Task instructions =>
The records below are to be reproduced exactly, with the pictures left out.

Source material =>

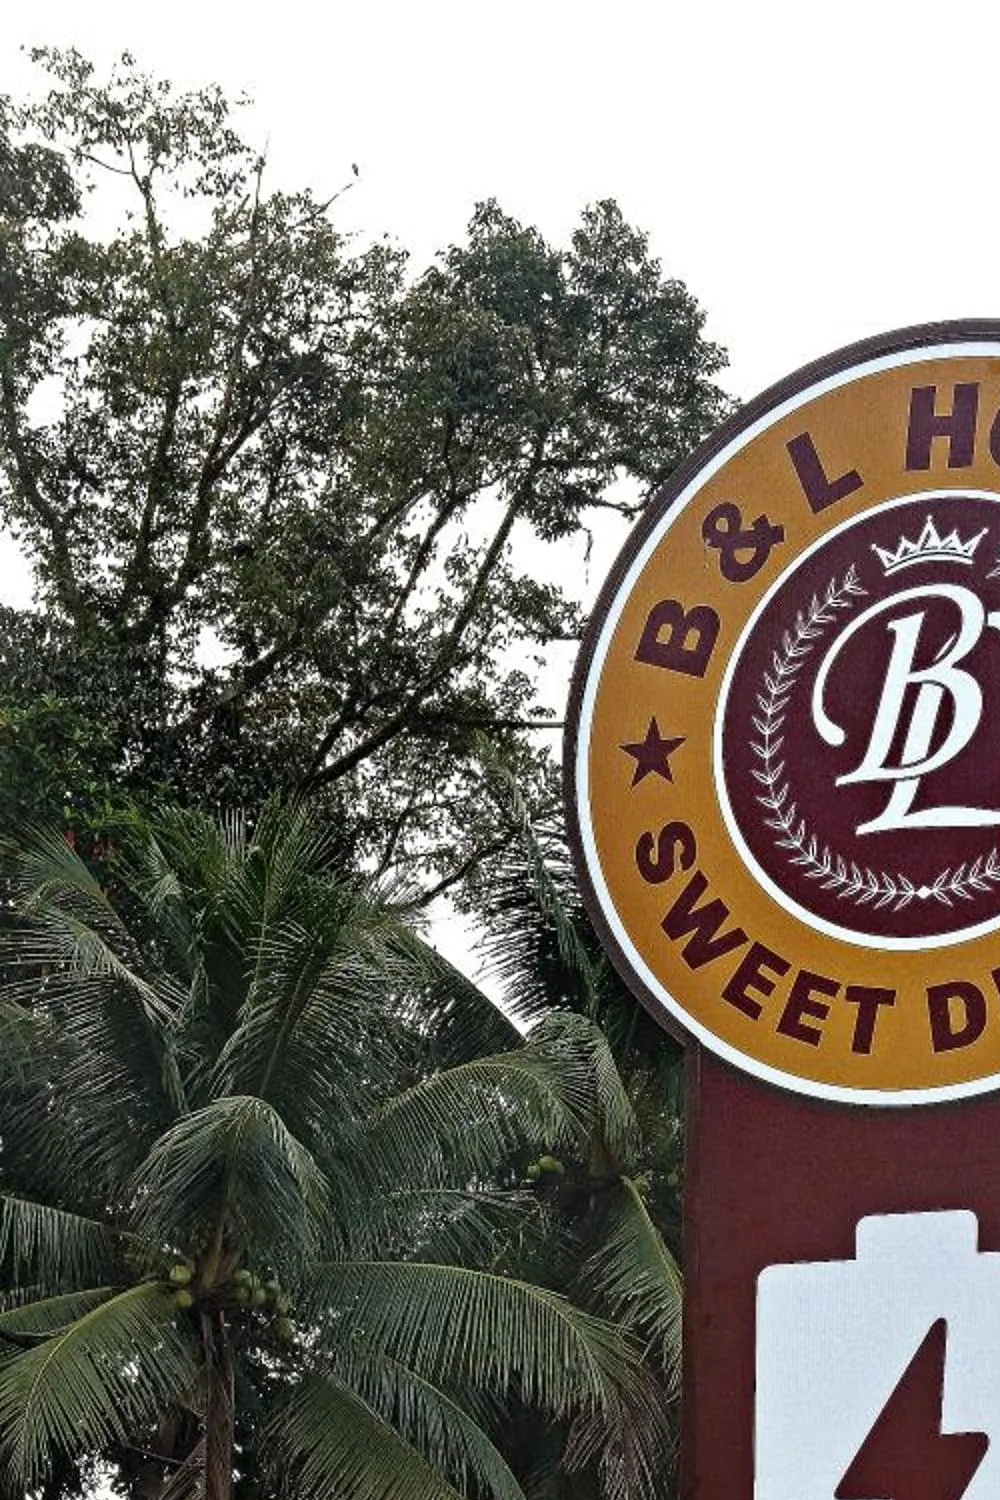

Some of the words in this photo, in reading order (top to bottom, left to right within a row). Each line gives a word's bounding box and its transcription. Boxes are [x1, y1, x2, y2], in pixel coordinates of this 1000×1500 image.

[633, 597, 720, 679] B
[701, 500, 786, 583] &
[786, 430, 864, 514] L
[635, 820, 895, 1055] SWEET

Reply =>
Some of the words in this photo, in reading order (top to bottom, left to right within a row). Each line gives a word's bounding box and its transcription. Boxes are [x1, y1, x2, y2], in pixel coordinates of this 1000×1500 image.

[633, 597, 720, 679] B
[701, 500, 786, 583] &
[786, 430, 864, 514] L
[635, 820, 895, 1055] SWEET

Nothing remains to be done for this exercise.